Marietta during the 1930s was a stop on the most direct route between Chicago and Florida, “The Dixie Highway,” following what’s known today as Old U.S. 41. It was a mostly two-lane road that went through the downtowns of every city in its path, including Marietta. Its route through Marietta followed Church Street to the Square, then continued south on Atlanta Street.
The concrete-paved road was only two lanes wide as it headed south on Church Street, which in that era was still a two-way street and only 15 feet wide. The city planned to widen it in the 1920s but ran headlong into an insurmountable obstacle known as J.E. Mozley, who lived at the road’s intersection with Kennesaw Avenue. His home now is the law offices of Rogers & Watkins.
Mozley had ridden with bushwhackers during the Civil War, which later led his fellow lawyers in the old Cobb Courthouse to give him the moniker of “General Mozley.” He practiced law here for 70 years and served from 1904-05 as mayor. Thanks to his habit of buying defaulted properties on the steps of the Courthouse, he was one of the county’s biggest landholders by the 1920s. So when the council decided to widen Church, Mozley was a force to be reckoned with.
He first signed a petition in favor of widening the street to 24 feet — but only with the stipulation that his four century-old oaks in front of his house not be disturbed.
Then another petition surfaced signed by residents further up the street asking it be widened to 30 feet, a petition the city preferred. Mozley claimed the first he’d heard of the second petition was the day in 1921 when city workers axed two of his trees while he was away. His wife quickly filed suit to enjoin the city from continuing and Superior Court Judge D.W. Blair granted an injunction. It’s easy to see why the city was adamant that the trees had to go. They not only constituted a safety hazard but a traffic bottleneck, jutting six feet into the right of way.
The ensuing court battle dragged on till 1938 with Mozley at one point appealing successfully to the state Supreme Court. He later argued that Judge Hawkins should be removed from the case because one of his relatives lived on Church Street and had signed the widening petition. A Cobb jury decided in Mozley’s favor.

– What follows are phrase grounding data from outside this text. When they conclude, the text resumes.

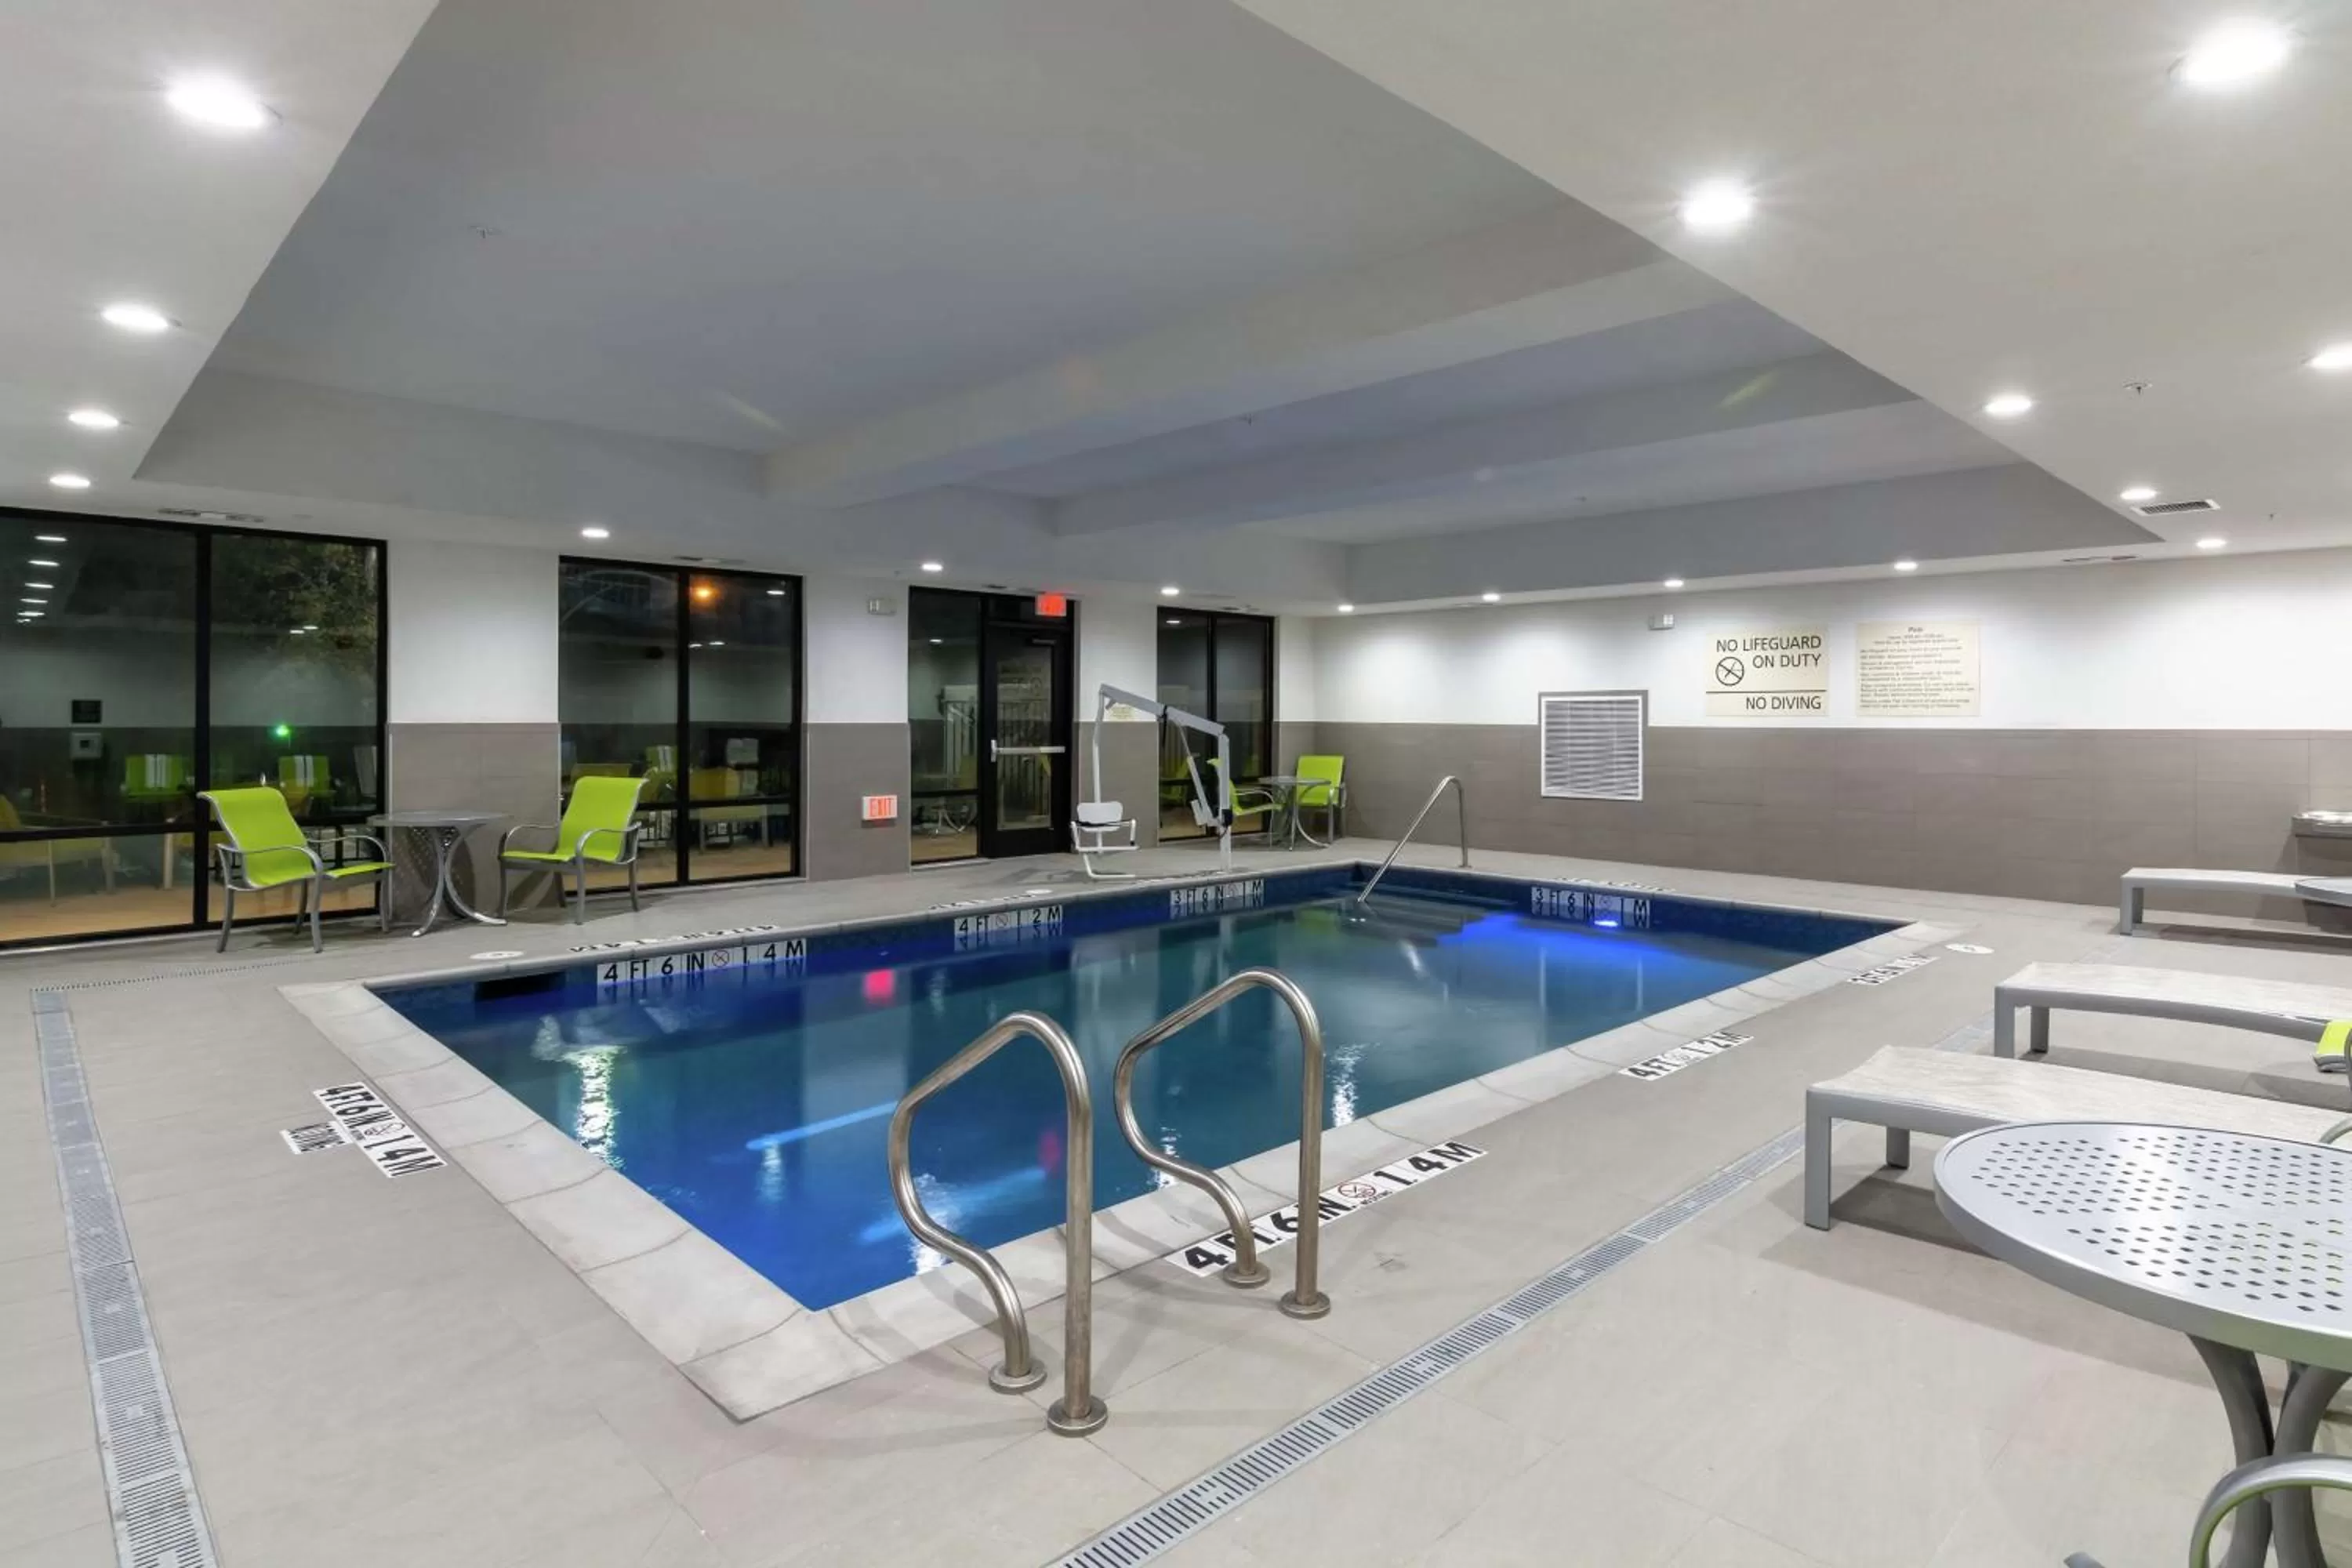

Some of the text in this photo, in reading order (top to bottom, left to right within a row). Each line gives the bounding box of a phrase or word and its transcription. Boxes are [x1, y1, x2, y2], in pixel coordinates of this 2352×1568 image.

[1716, 635, 1821, 652] NO LIFEGUARD
[1752, 653, 1821, 669] ON DUTY
[1746, 695, 1822, 710] NO DIVING
[869, 797, 894, 816] EXIT
[1536, 887, 1544, 902] 3
[1567, 892, 1575, 905] 6
[959, 917, 969, 933] 4
[976, 914, 989, 932] FT
[1047, 905, 1062, 924] M
[603, 963, 619, 982] 4
[630, 959, 650, 980] FT
[661, 956, 674, 975] 6
[687, 953, 705, 971] IN
[786, 939, 804, 958] M
[319, 1086, 365, 1097] 4
[336, 1105, 385, 1116] 6
[383, 1155, 445, 1177] M
[1185, 1246, 1230, 1269] 4
[1428, 1142, 1483, 1163] M
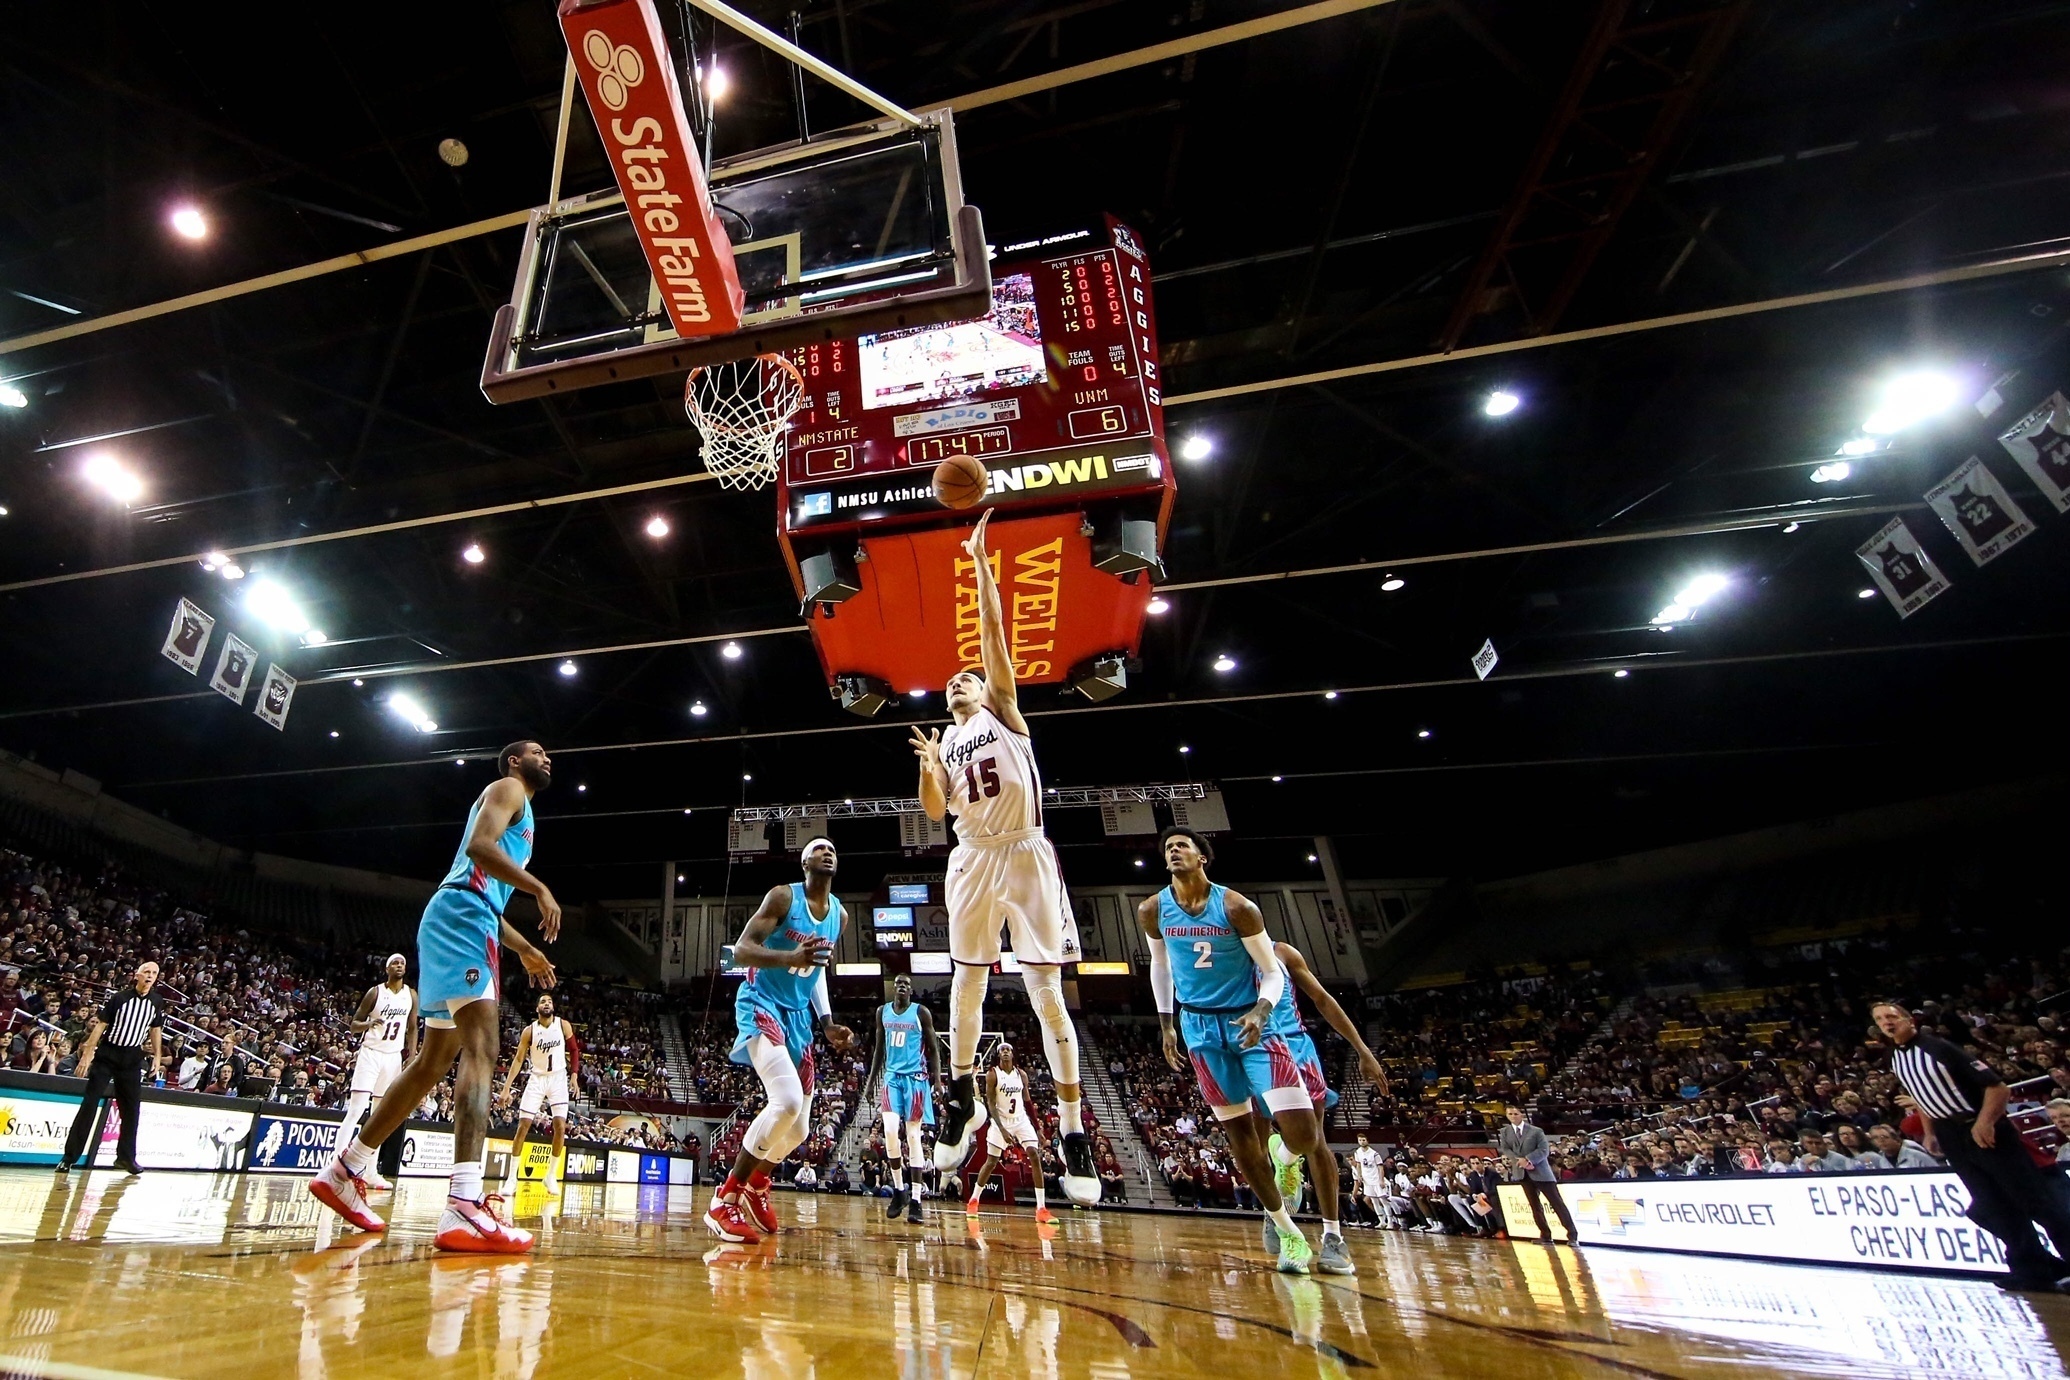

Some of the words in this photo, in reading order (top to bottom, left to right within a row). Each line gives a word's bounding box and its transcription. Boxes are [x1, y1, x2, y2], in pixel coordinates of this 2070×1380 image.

Presiding Judge Claude Pittman of Cartersville noted that, “The city’s only claim (for ownership) of the trees was that city employees had raked the leaves from under them. But it would take a lot of raking to rake away Mr. Mozley’s title.”
Mozley told Pittman afterward that the birds sang more sweetly and the squirrels frolicked more gaily because even they felt their homes were safe at last.
Yes, the flora and fauna were safe, but drivers? Not so much.
It’s incredible that such a safety hazard was allowed to endure along a busy street, and old editions of the Marietta Journal bear proof of more than one case in which vehicles collided with the trees. But endure they did, all the way up to Mozley’s death at age 94 in 1942.
Church Street is four lanes wide at that point today, with traffic volume unimaginable to those who lived here 80 years ago.
And Mozley’s trees? They were chopped down by city workers a week after he died.
Joe Kirby is Editorial Page Editor of the Marietta Daily Journal and author of “The Lockheed Plant.”